[Saved data entries]
----

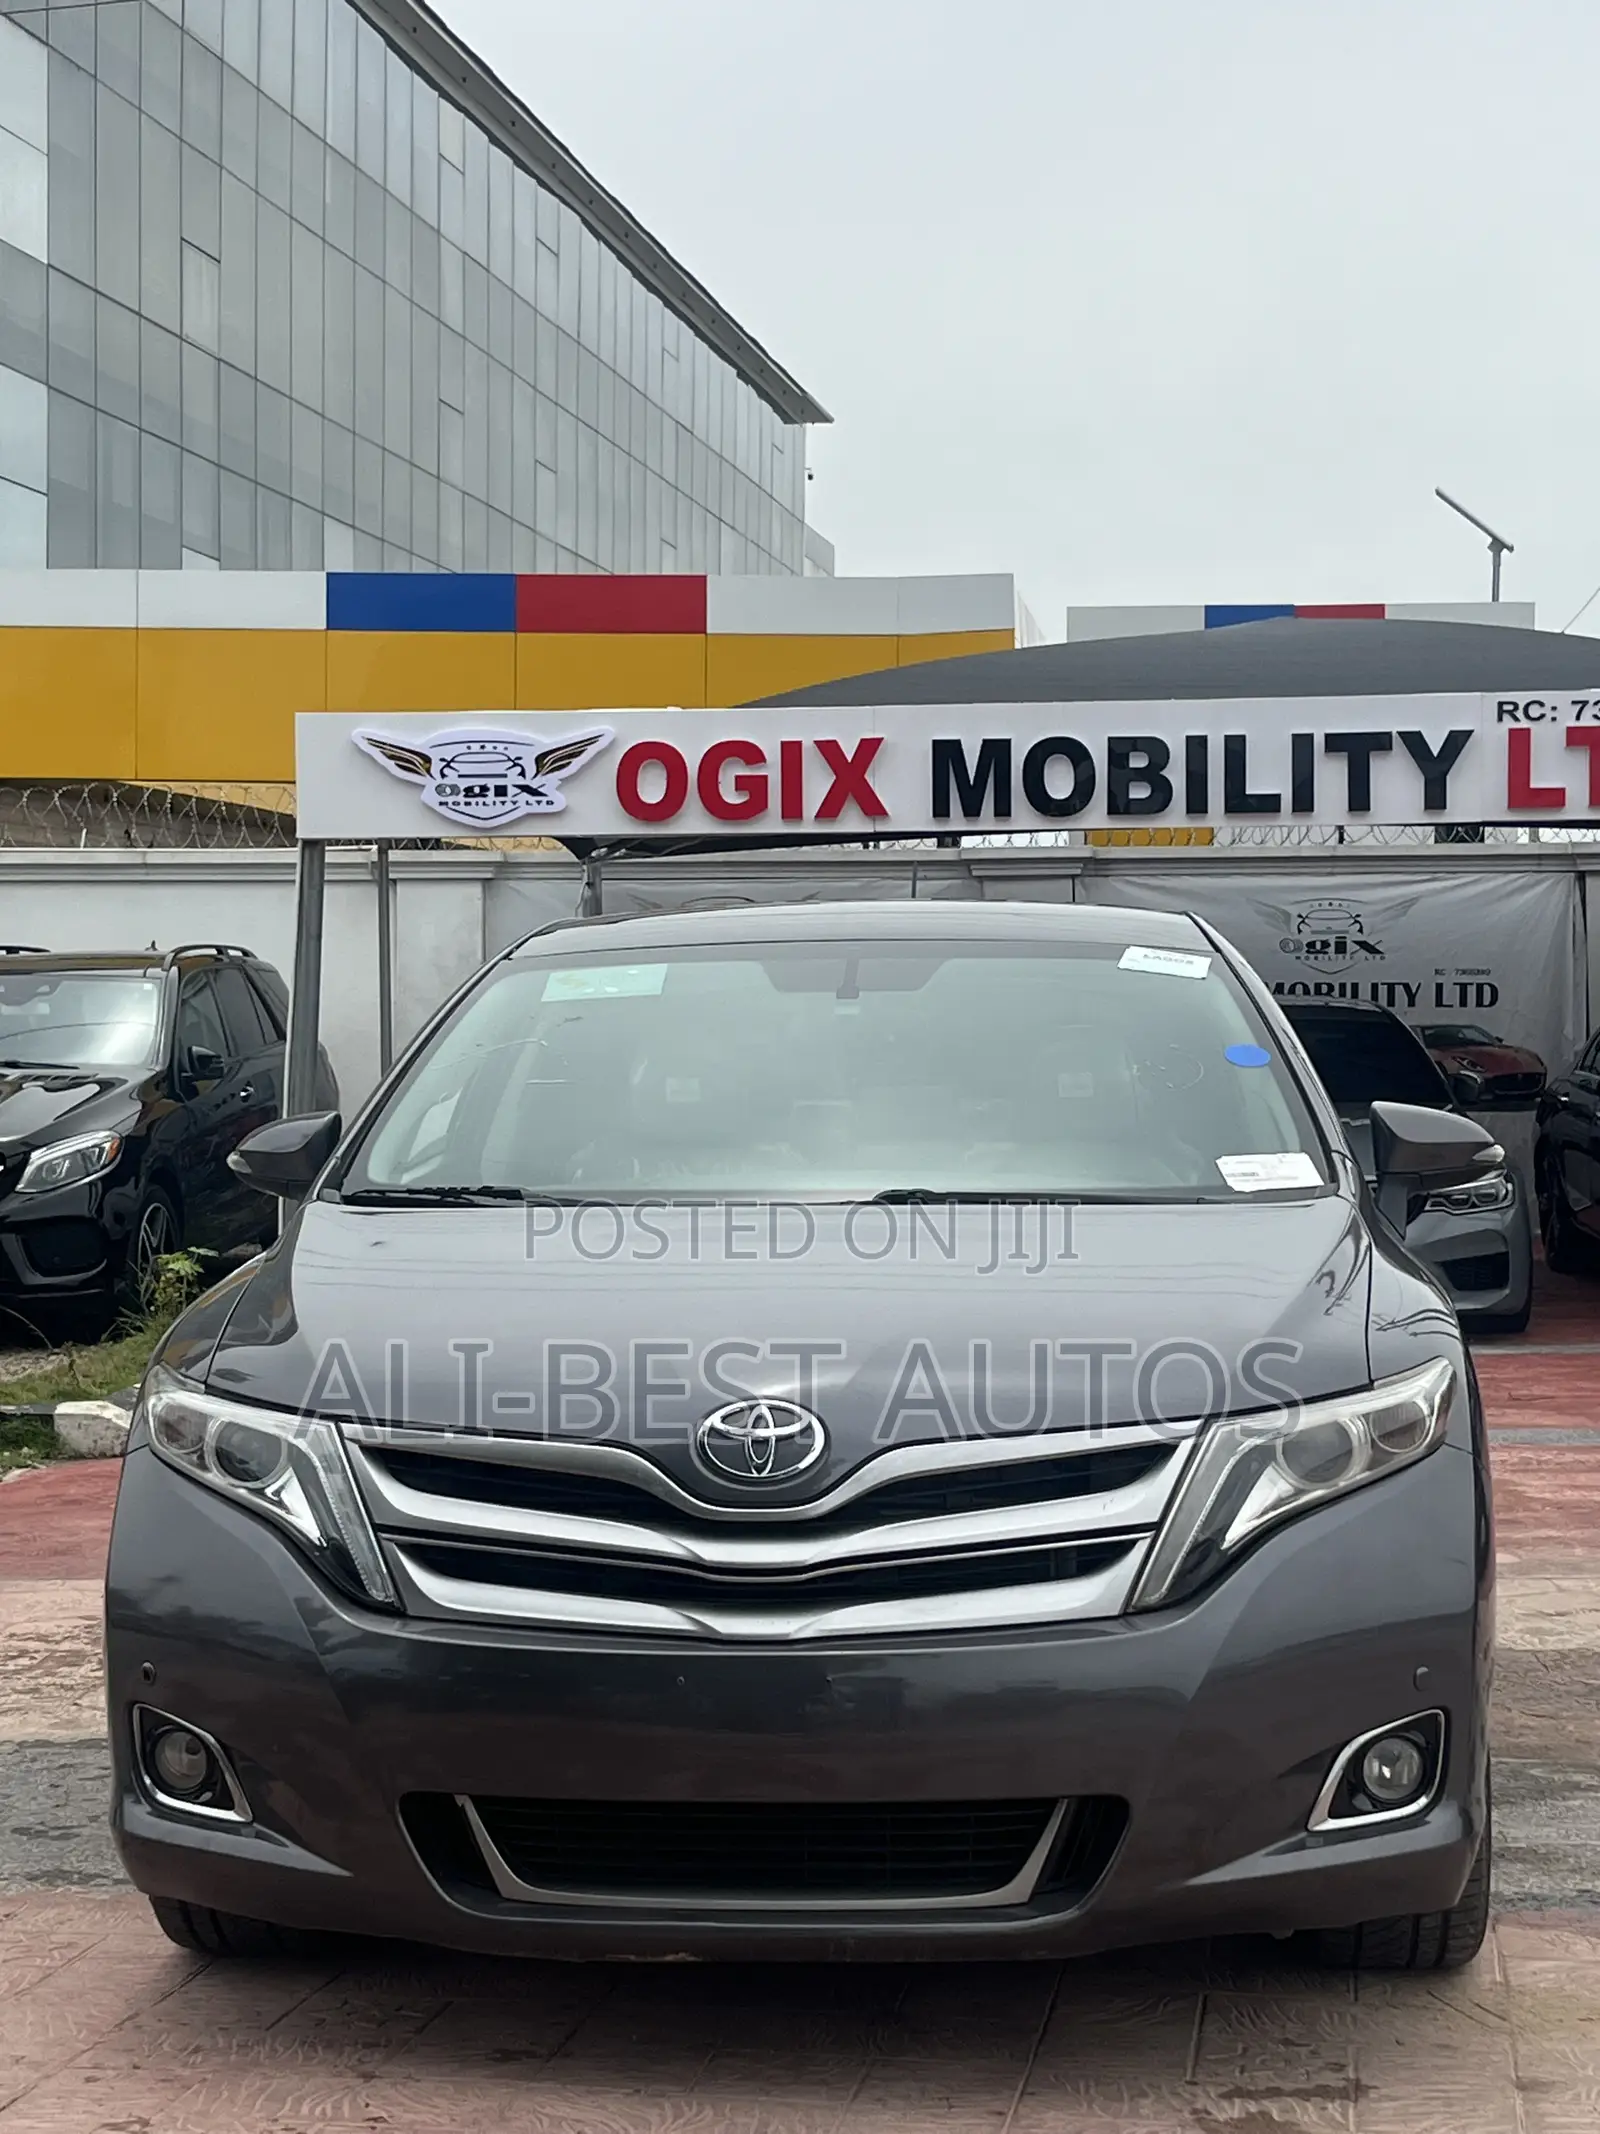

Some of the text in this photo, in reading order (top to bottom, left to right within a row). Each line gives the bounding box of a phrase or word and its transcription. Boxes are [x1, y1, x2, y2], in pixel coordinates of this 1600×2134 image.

[1496, 700, 1558, 723] RC:
[616, 737, 889, 822] OGIX
[931, 729, 1475, 819] MOBILITY
[1434, 982, 1499, 1008] LTD

----

Rewrite the data above exactly as given, but omit the images.

Some of the text in this photo, in reading order (top to bottom, left to right within a row). Each line gives the bounding box of a phrase or word and its transcription. Boxes are [x1, y1, x2, y2], in pixel coordinates of this 1600×2134 image.

[1496, 700, 1558, 723] RC:
[616, 737, 889, 822] OGIX
[931, 729, 1475, 819] MOBILITY
[1434, 982, 1499, 1008] LTD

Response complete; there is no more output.